= Jenny Levy Miller =

Jenny Miller, née Jenny Levy (born 1906, date of death unknown), was an American journalist. With her husband, Robert Talbott Miller, III, she is alleged to have participated in covert espionage activities for the Soviet Union during the Stalin period.

==Biography==

The Millers were married in the American Embassy in Moscow in December 1935. Jenny, the daughter of an employee of the Academy of Sciences in Moscow, was employed by the English language Moscow News, while Bob was on assignment for the Chattanooga News. After the Spanish Civil War, the Millers returned to the United States and began operation of the Hemispheric News Service in New York City with Jack Fahy, a veteran of the International Brigades. The publication centered on Latin American affairs, and Jenny was the operations Secretary. In 1941 the Millers moved to Washington, D.C., and Joseph Gregg was hired as manager.
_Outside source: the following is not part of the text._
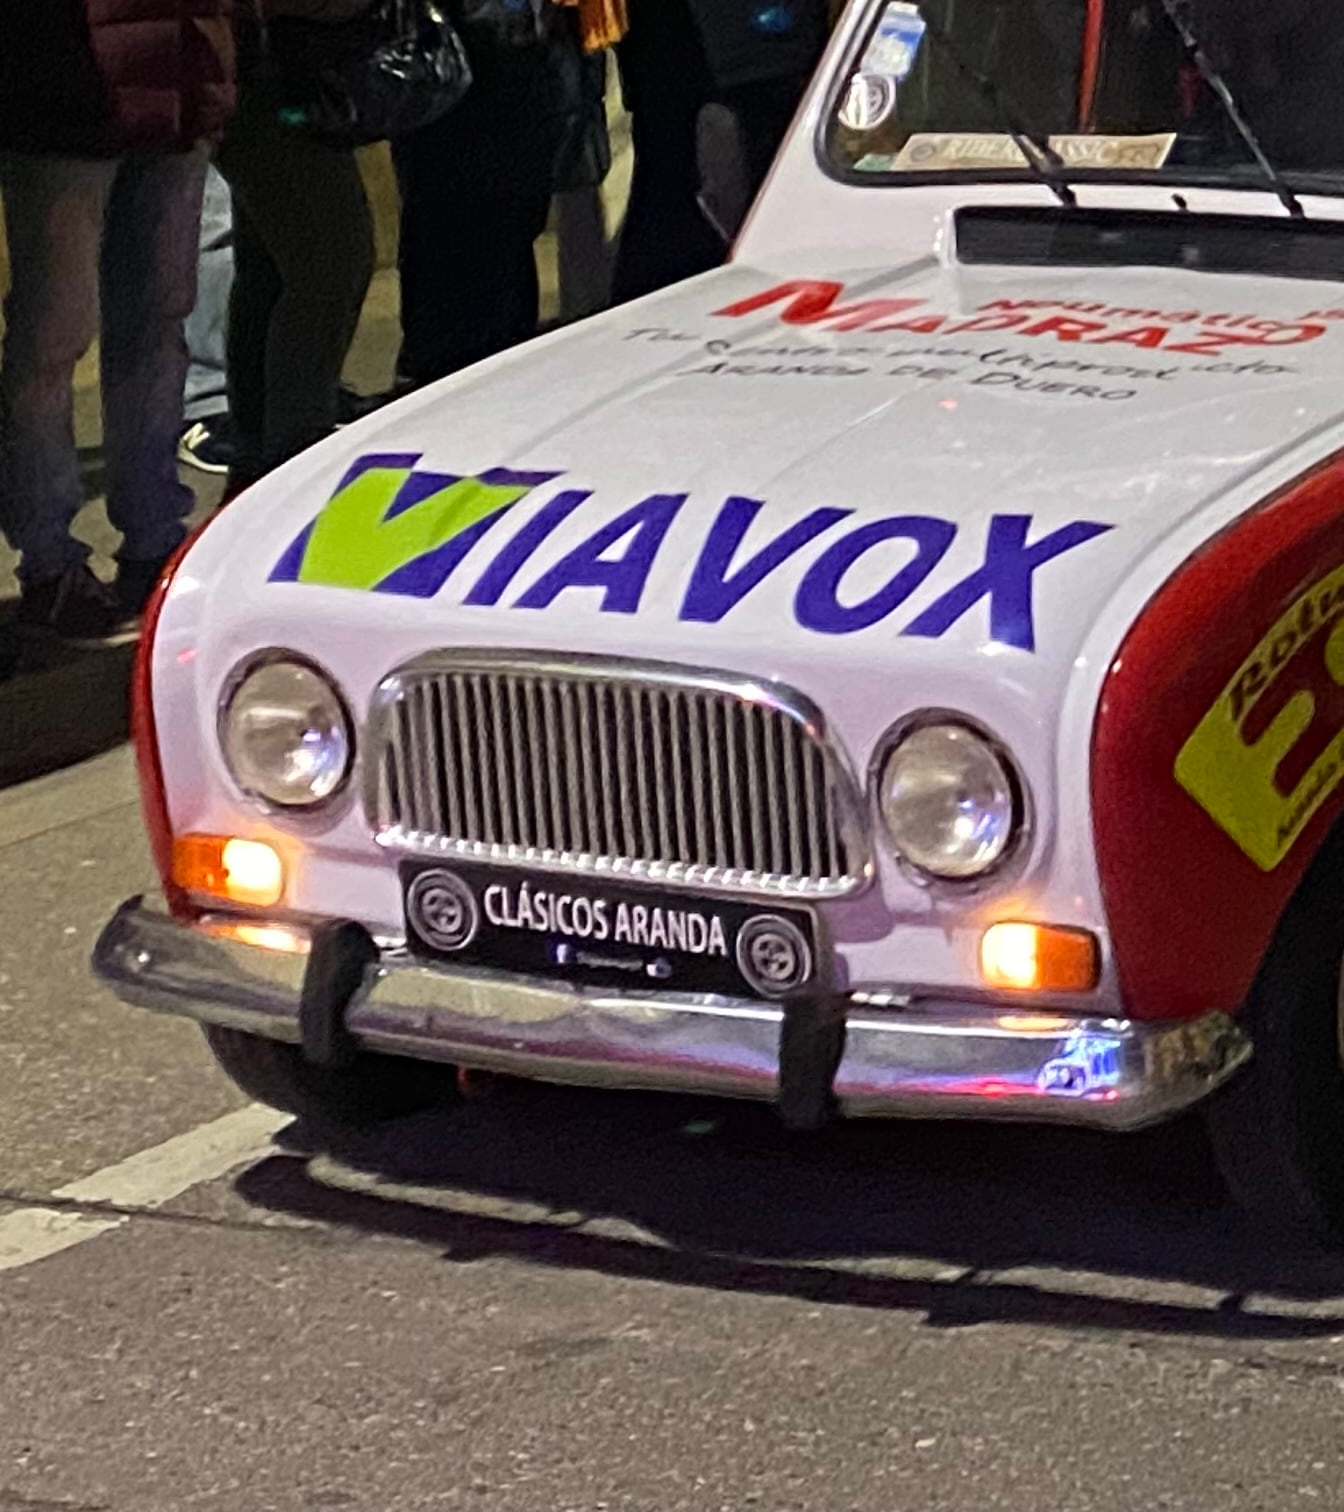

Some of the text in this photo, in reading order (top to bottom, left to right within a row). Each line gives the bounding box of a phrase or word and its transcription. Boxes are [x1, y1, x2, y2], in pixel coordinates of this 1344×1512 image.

[969, 370, 1138, 402] DUERO
[268, 453, 1116, 652] VIAVOX
[484, 880, 728, 957] CLÁSICOS ARANDA
The Millers had an active social life with many friends. Pelageya (or Polia) Habicht, a Russian native and very close friend of Jenny was exchanged in 1941 to the United States for Gaik Ovakimian, Soviet rezident and head of Soviet foreign espionage activities in the United States from 1934 to 1941 at the time of his arrest as an unregistered foreign agent. Margaret (Peggy) Greenfield, a communist and economic writer and assistant chief of the Progress Reporting Branch, Division of Research, of the OPA was a frequent contact of Jenny. Elizabeth Bentley, part of the Soviet Golos spy ring, identified Jenny as one of her covert Soviet contacts.